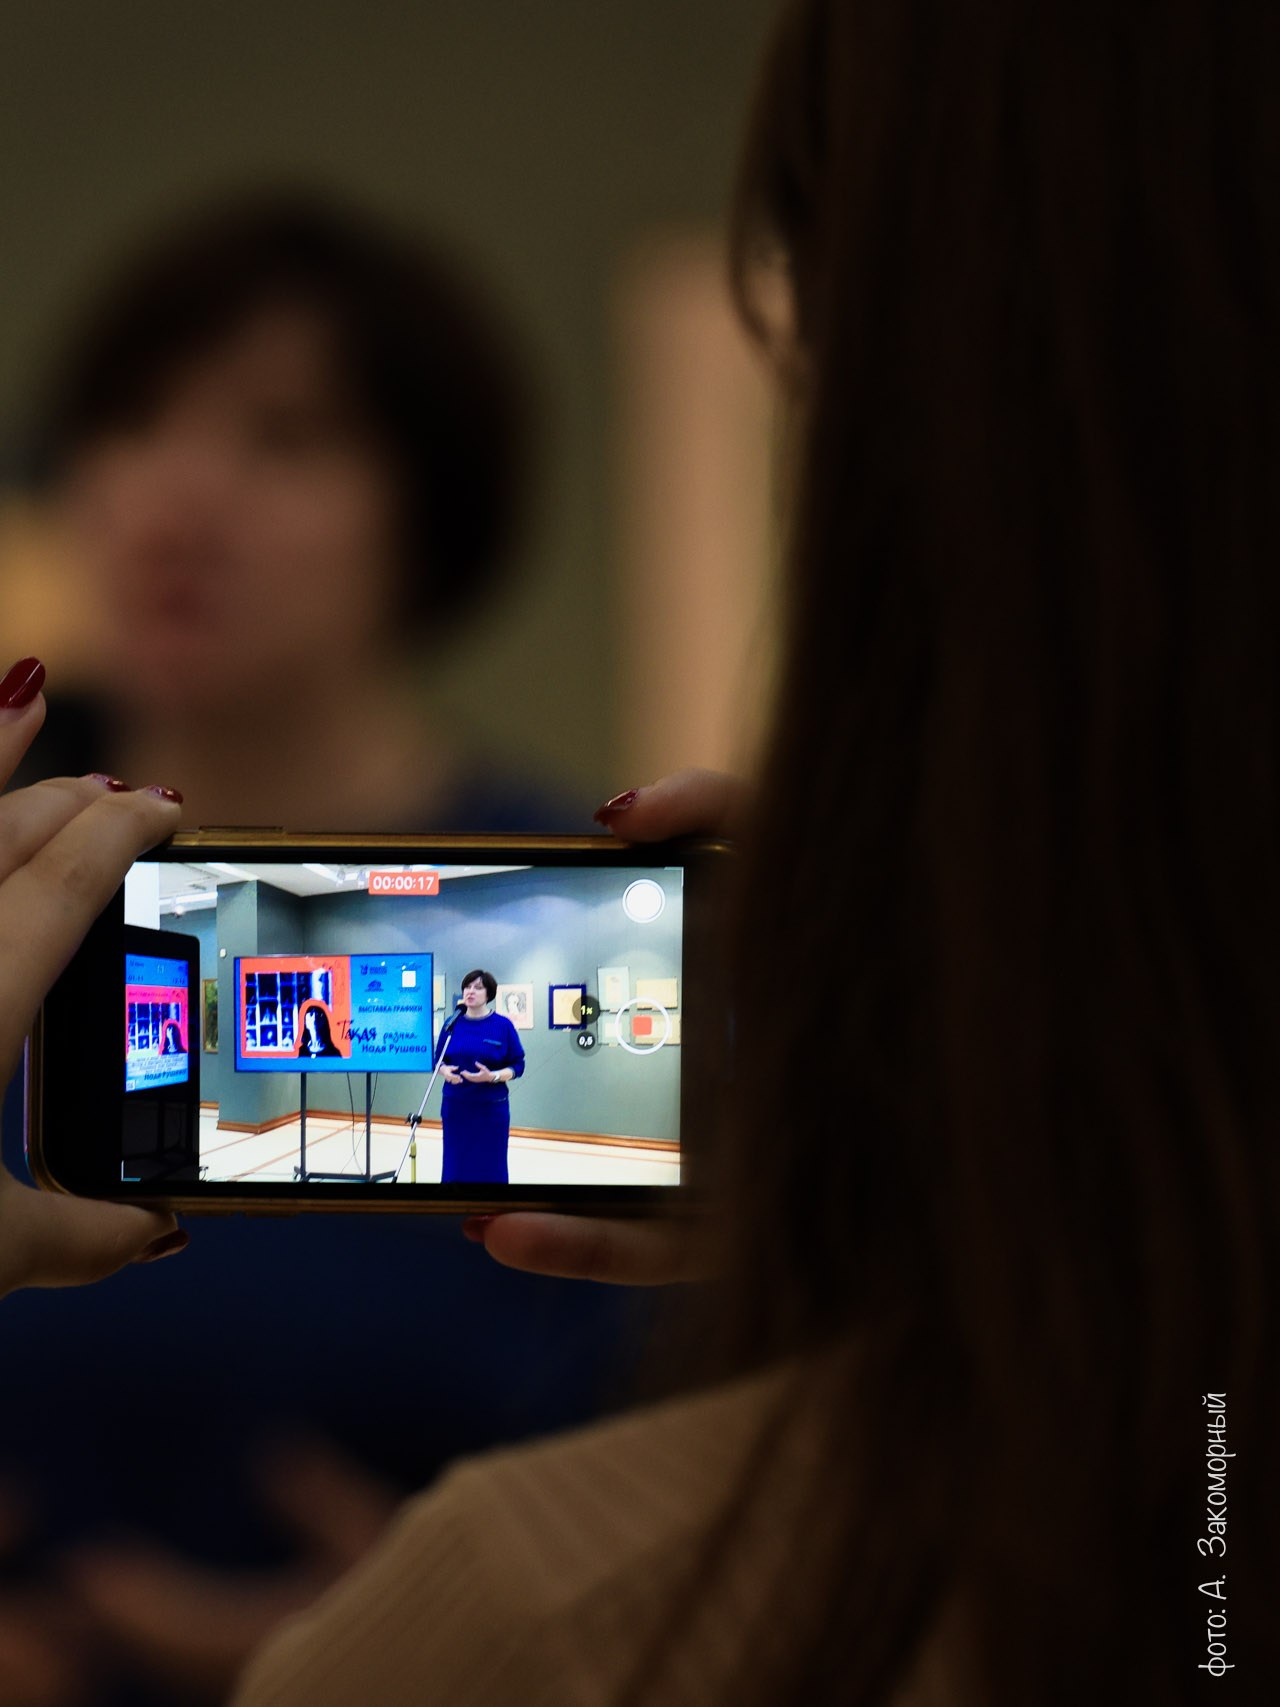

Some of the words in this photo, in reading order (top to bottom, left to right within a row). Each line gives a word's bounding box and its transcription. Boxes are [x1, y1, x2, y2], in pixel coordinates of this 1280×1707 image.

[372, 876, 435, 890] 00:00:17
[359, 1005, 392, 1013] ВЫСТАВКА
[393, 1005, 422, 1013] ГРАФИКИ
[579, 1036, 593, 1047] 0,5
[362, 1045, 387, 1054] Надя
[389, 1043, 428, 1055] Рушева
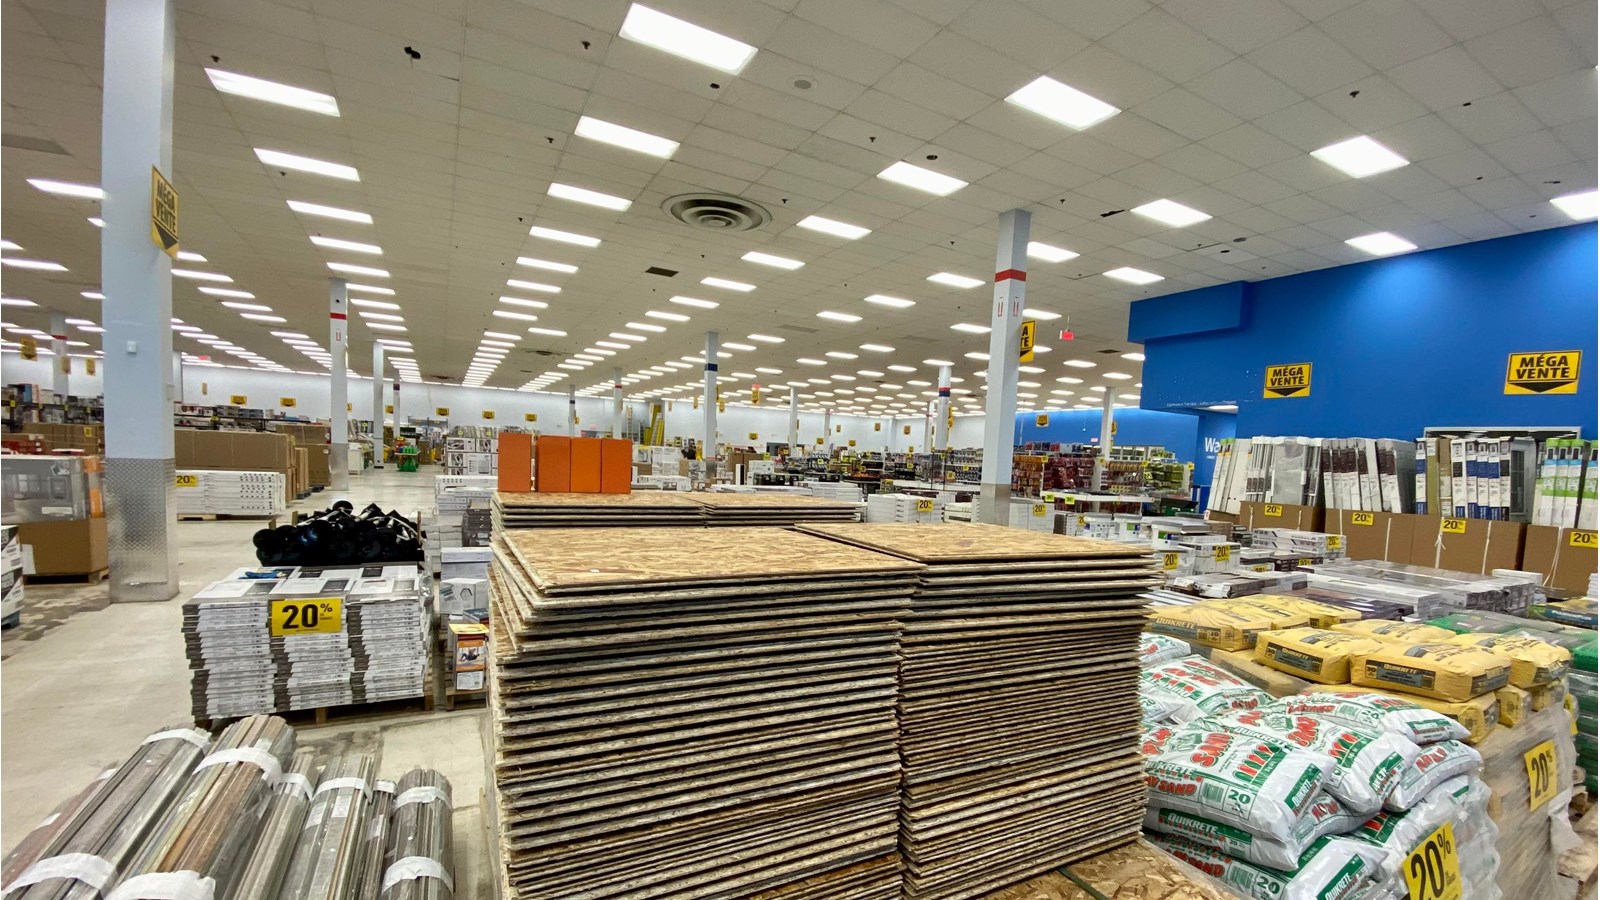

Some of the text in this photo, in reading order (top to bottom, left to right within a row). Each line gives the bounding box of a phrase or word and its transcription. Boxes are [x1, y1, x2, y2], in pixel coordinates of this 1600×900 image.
════════════════
- **What to do**
The records are to be returned verbatim. Skip any picture they contain.

- **Problem solution**
Some of the words in this photo, in reading order (top to bottom, left to right within a row). Each line gives a word's bounding box and its transcription. Boxes are [x1, y1, x2, y2], in pixel coordinates of this 1280×1707 image.

[372, 876, 435, 890] 00:00:17
[359, 1005, 392, 1013] ВЫСТАВКА
[393, 1005, 422, 1013] ГРАФИКИ
[579, 1036, 593, 1047] 0,5
[362, 1045, 387, 1054] Надя
[389, 1043, 428, 1055] Рушева

Some of the text in this photo, in reading order (top to bottom, left to right within a row). Each line gives the bounding box of a phrase or word and its transcription. Boxes are [x1, y1, x2, y2], in pixel coordinates of this 1600×900 image.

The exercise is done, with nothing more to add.